Spectrolab’s new terrestrial solar cell smashes 40% efficiency barrier

Boeing subsidiary Spectrolab Inc has achieved a new record in terrestrial concentrator solar cell efficiency. Using concentrated sunlight, the company has demonstrated a photovoltaic cell that converts 40.7% of the sun's energy into electricity, as verified by the U.S. Department of Energy's National Renewable Energy Laboratory (NREL).

"This solar cell performance is the highest efficiency level any photovoltaic device has ever achieved," said Dr David Lillington, president of Spectrolab. "The terrestrial cell we have developed uses the same technology base as our space-based cells. So, once qualified, they can be manufactured in very high volumes with minimal impact to production flow."

According to the U.S. Department of Energy’s (DOE) Alexander Karsner, assistant secretary for Energy Efficiency and Renewable Energy, this ‘new milestone in sunlight-to-electricity performance’ was achieved with the help of DOE funding (via NREL's High Performance Photovoltaics program). Kasner added that the breakthrough could lead to systems with an installation cost of only $3 per watt, producing electricity at a cost of 8-10 cents per kilowatt/hour.

The majority of solar cell modules available today do not concentrate sunlight, and so only achieve an efficiency of around 18%. But using an optical concentrator, sunlight intensity can be increased. Spectrolab’s new solar cell is ‘multi-junction’, allowing it to capture more of the solar spectrum. In a multi-junction cell, individual cells are made of layers. Each layer captures part of the sunlight passing through the cell, so that the cell receives more energy from the sun’s light.

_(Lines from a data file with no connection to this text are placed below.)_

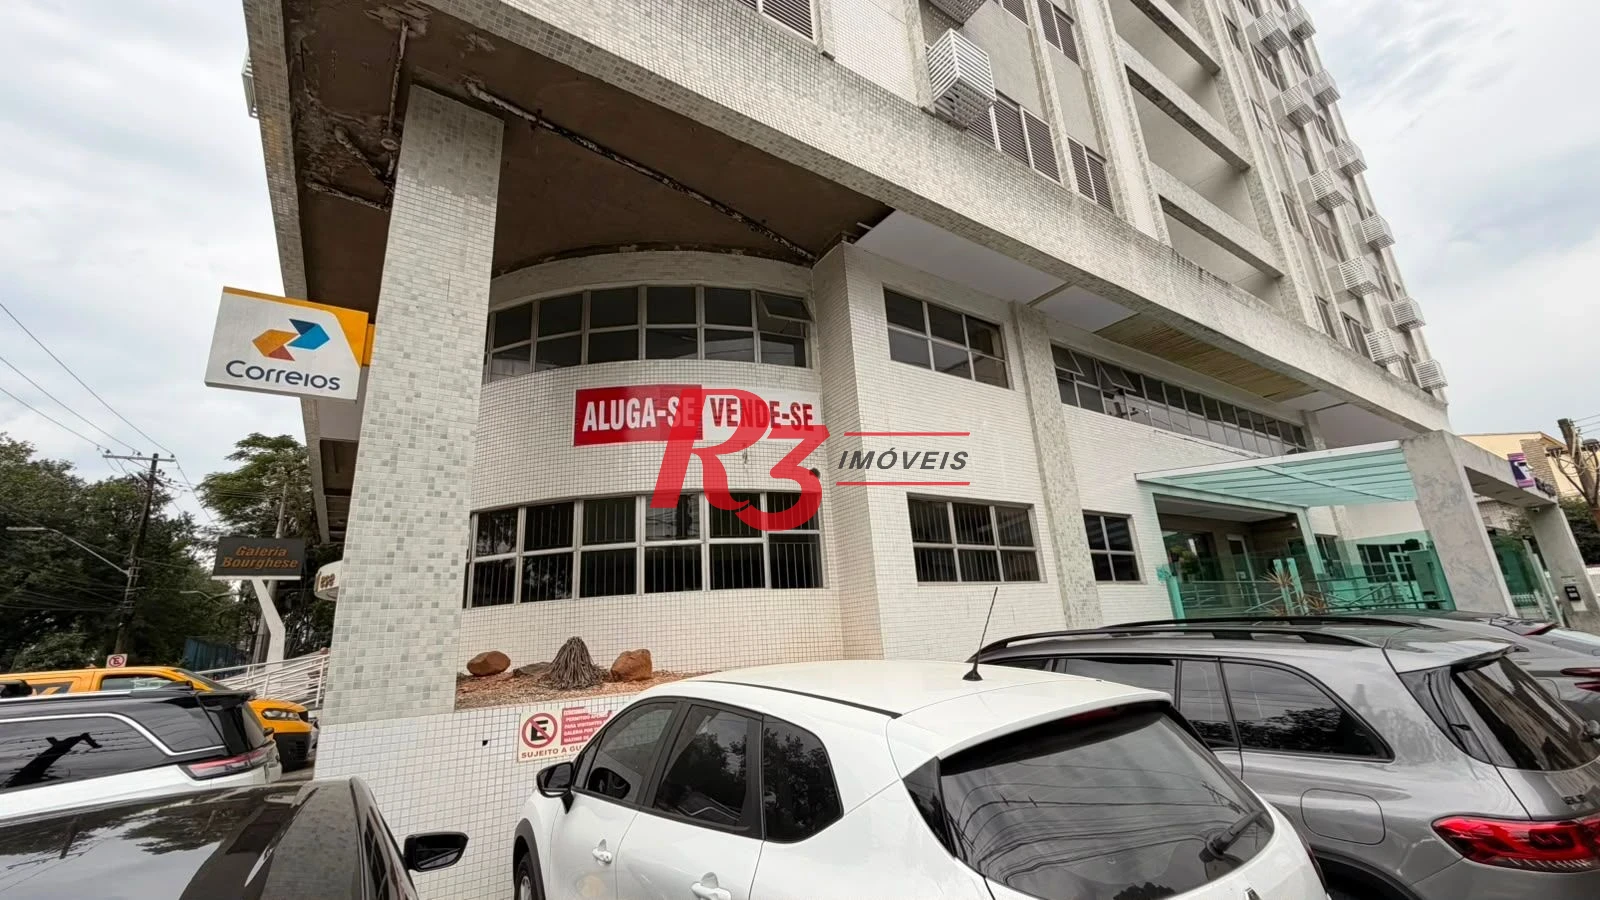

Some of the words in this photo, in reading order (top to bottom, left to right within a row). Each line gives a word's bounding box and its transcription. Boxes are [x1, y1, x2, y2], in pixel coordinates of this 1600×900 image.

[225, 359, 341, 391] Correios
[582, 396, 696, 432] ALUGA-SE
[710, 397, 814, 432] VENDE-SE
[235, 545, 288, 558] Galeria
[222, 556, 299, 570] Bourghese
[521, 748, 559, 759] SUJEITO

Multi-junction cells offer an advantage over silicon cells in concentrator systems because fewer solar cells are needed to achieve the same power output.

The DOE has been working on multi-junction gallium arsenide-based solar cell devices since the early 1980s. By 1994, the DOE’s NREL had demonstrated a 30% efficient multi-junction cell. These cells attracted interest from the space industry, and today most satellites utilize them.

"These results are particularly encouraging since they were achieved using a new class of metamorphic semiconductor materials, allowing much greater freedom in multi-junction cell design for optimal conversion of the solar spectrum," said Dr Richard R. King, principal investigator of the high efficiency solar cell research and development effort. "The excellent performance of these materials hints at still higher efficiency in future solar cells."